# What you should do:
All entries below are to be returned exactly, with pictures left out.

# Items from a dataset:

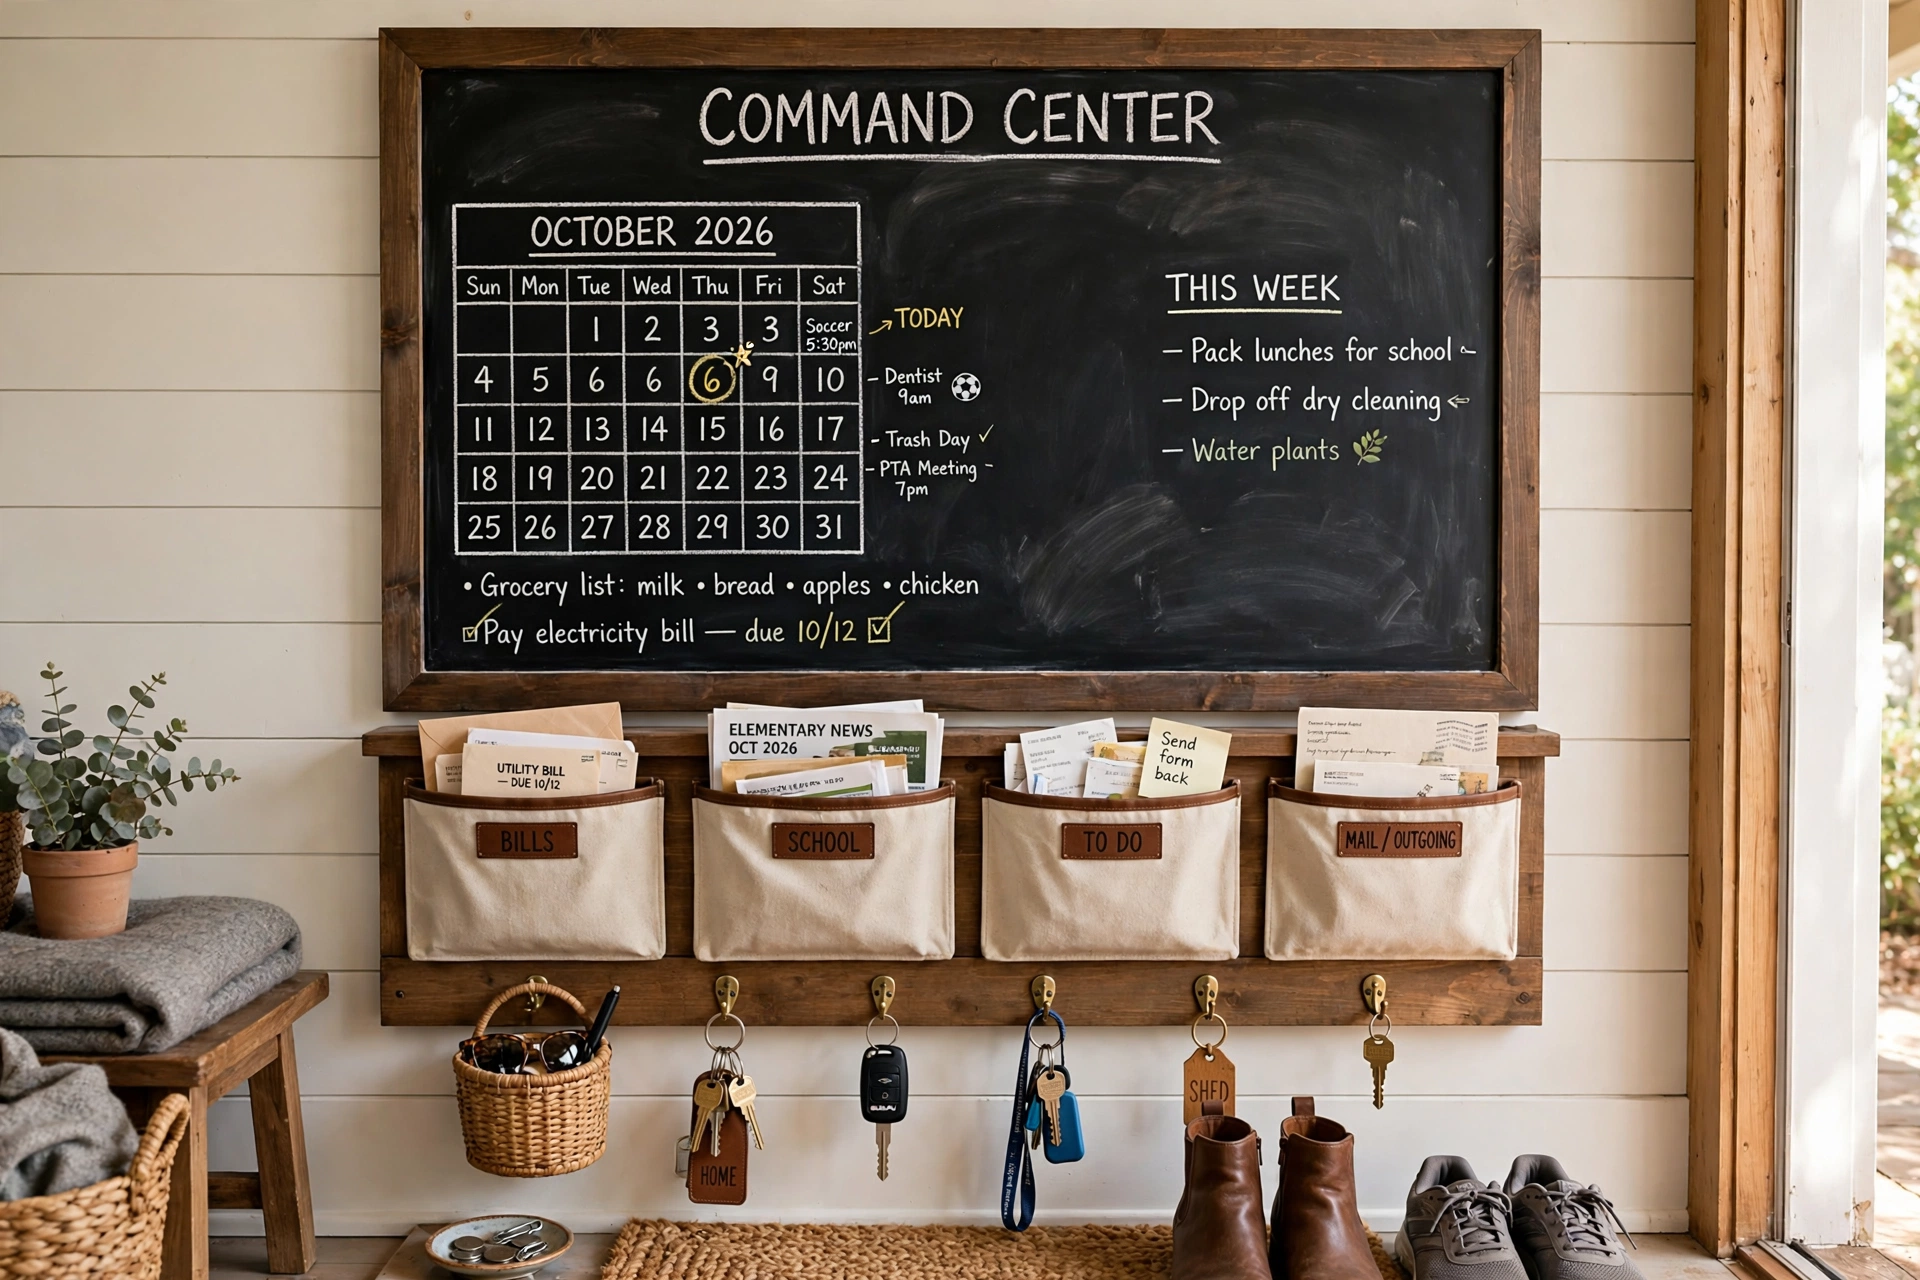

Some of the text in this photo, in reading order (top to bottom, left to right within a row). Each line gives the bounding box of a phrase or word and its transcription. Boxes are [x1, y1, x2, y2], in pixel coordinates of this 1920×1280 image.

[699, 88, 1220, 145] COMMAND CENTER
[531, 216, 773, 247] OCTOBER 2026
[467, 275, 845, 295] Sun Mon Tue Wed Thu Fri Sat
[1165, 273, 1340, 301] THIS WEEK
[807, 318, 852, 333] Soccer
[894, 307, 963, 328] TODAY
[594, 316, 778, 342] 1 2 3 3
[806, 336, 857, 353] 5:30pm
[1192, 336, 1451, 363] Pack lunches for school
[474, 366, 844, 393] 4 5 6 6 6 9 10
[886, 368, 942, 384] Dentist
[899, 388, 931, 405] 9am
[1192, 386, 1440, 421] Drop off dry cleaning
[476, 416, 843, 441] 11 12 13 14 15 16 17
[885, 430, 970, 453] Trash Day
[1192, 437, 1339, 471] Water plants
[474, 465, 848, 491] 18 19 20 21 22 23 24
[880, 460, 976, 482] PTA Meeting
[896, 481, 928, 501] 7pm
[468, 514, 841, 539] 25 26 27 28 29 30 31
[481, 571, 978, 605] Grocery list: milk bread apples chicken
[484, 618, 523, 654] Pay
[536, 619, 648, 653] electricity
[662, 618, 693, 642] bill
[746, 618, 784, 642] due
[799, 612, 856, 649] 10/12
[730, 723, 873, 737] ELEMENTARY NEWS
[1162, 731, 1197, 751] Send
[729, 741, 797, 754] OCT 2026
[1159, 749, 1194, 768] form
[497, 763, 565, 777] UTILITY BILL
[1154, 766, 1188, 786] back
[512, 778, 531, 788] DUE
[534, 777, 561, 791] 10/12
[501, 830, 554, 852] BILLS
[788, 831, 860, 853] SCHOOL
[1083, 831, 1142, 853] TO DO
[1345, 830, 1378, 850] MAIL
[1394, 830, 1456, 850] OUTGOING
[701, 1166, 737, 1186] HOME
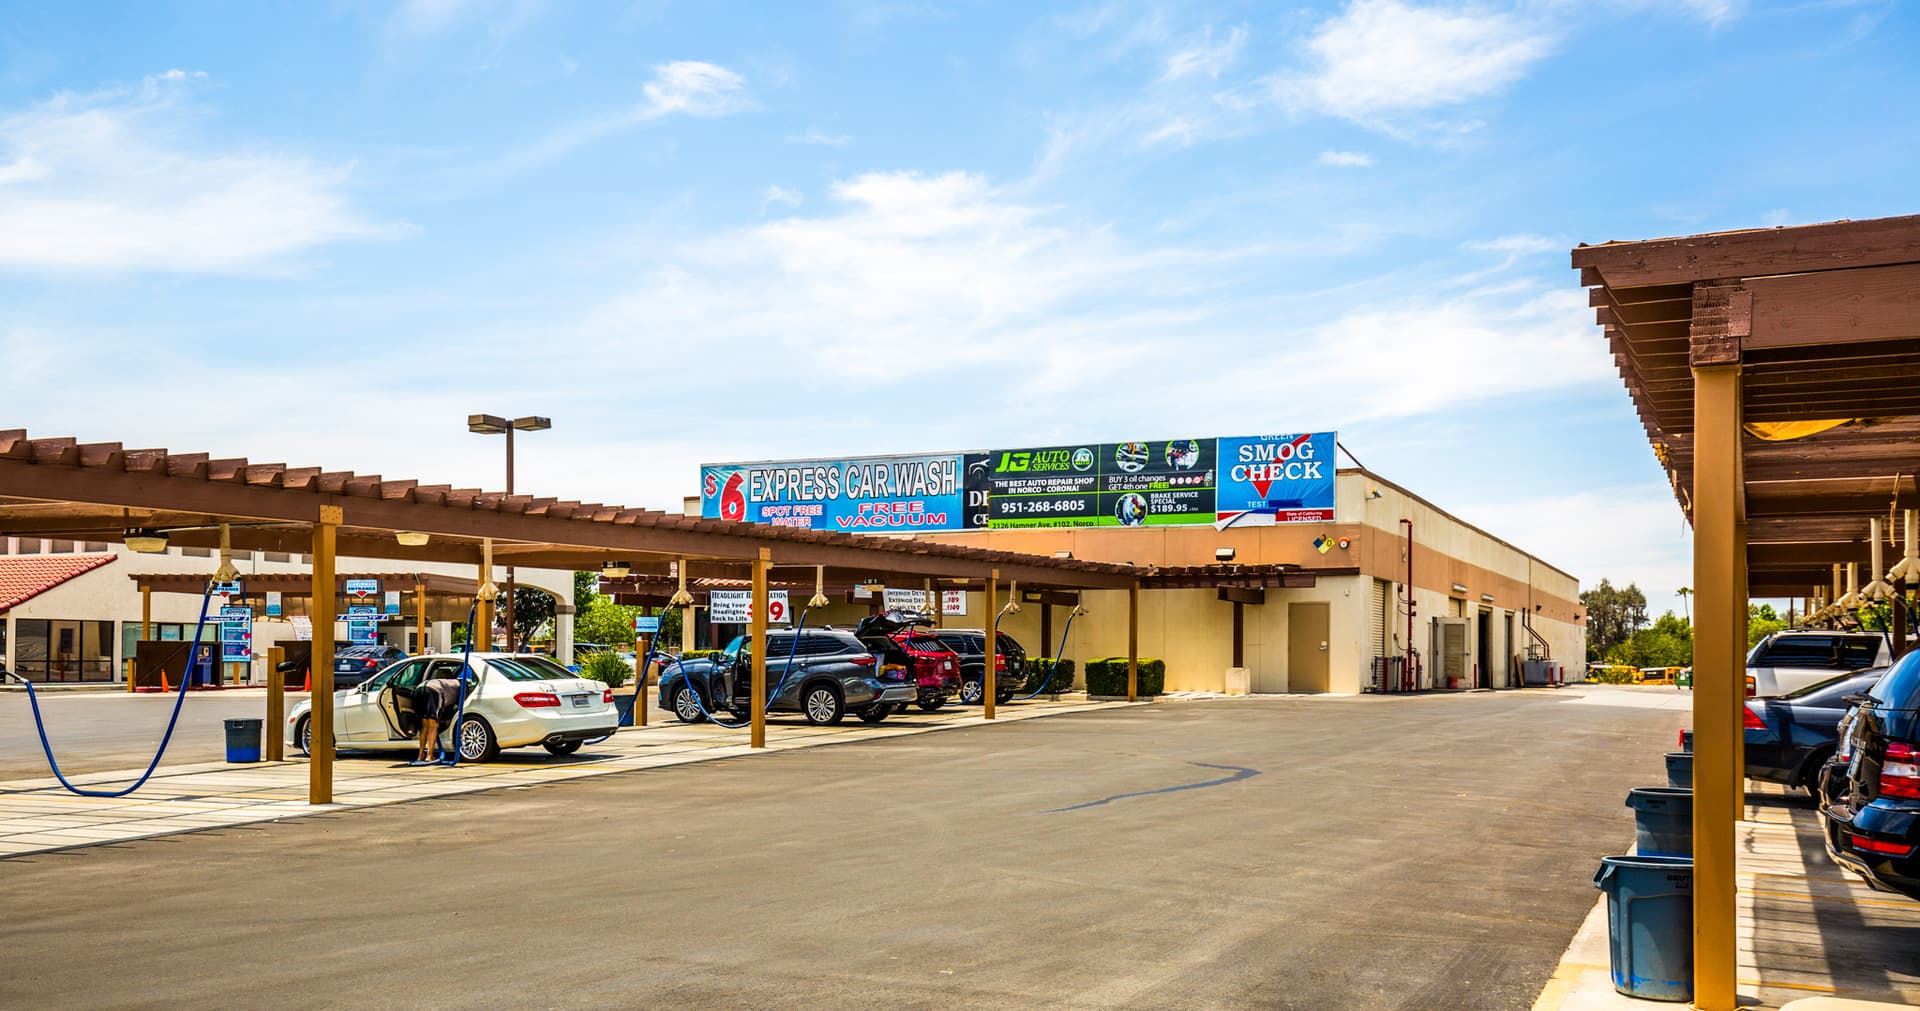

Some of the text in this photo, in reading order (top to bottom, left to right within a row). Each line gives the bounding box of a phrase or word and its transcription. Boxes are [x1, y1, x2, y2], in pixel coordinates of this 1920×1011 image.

# Response box:
Some of the text in this photo, in reading order (top to bottom, left to right within a row). Each line gives the bounding box of a phrase or word and its transcription. Boxes are [x1, y1, x2, y2], in pixel coordinates of this 1920×1280 image.

[699, 88, 1220, 145] COMMAND CENTER
[531, 216, 773, 247] OCTOBER 2026
[467, 275, 845, 295] Sun Mon Tue Wed Thu Fri Sat
[1165, 273, 1340, 301] THIS WEEK
[807, 318, 852, 333] Soccer
[894, 307, 963, 328] TODAY
[594, 316, 778, 342] 1 2 3 3
[806, 336, 857, 353] 5:30pm
[1192, 336, 1451, 363] Pack lunches for school
[474, 366, 844, 393] 4 5 6 6 6 9 10
[886, 368, 942, 384] Dentist
[899, 388, 931, 405] 9am
[1192, 386, 1440, 421] Drop off dry cleaning
[476, 416, 843, 441] 11 12 13 14 15 16 17
[885, 430, 970, 453] Trash Day
[1192, 437, 1339, 471] Water plants
[474, 465, 848, 491] 18 19 20 21 22 23 24
[880, 460, 976, 482] PTA Meeting
[896, 481, 928, 501] 7pm
[468, 514, 841, 539] 25 26 27 28 29 30 31
[481, 571, 978, 605] Grocery list: milk bread apples chicken
[484, 618, 523, 654] Pay
[536, 619, 648, 653] electricity
[662, 618, 693, 642] bill
[746, 618, 784, 642] due
[799, 612, 856, 649] 10/12
[730, 723, 873, 737] ELEMENTARY NEWS
[1162, 731, 1197, 751] Send
[729, 741, 797, 754] OCT 2026
[1159, 749, 1194, 768] form
[497, 763, 565, 777] UTILITY BILL
[1154, 766, 1188, 786] back
[512, 778, 531, 788] DUE
[534, 777, 561, 791] 10/12
[501, 830, 554, 852] BILLS
[788, 831, 860, 853] SCHOOL
[1083, 831, 1142, 853] TO DO
[1345, 830, 1378, 850] MAIL
[1394, 830, 1456, 850] OUTGOING
[701, 1166, 737, 1186] HOME

Some of the text in this photo, in reading order (top to bottom, left to right within a row). Each line gives the bounding box of a phrase or word and its transcription. Boxes are [x1, y1, x2, y2], in pixel coordinates of this 1920×1011 image.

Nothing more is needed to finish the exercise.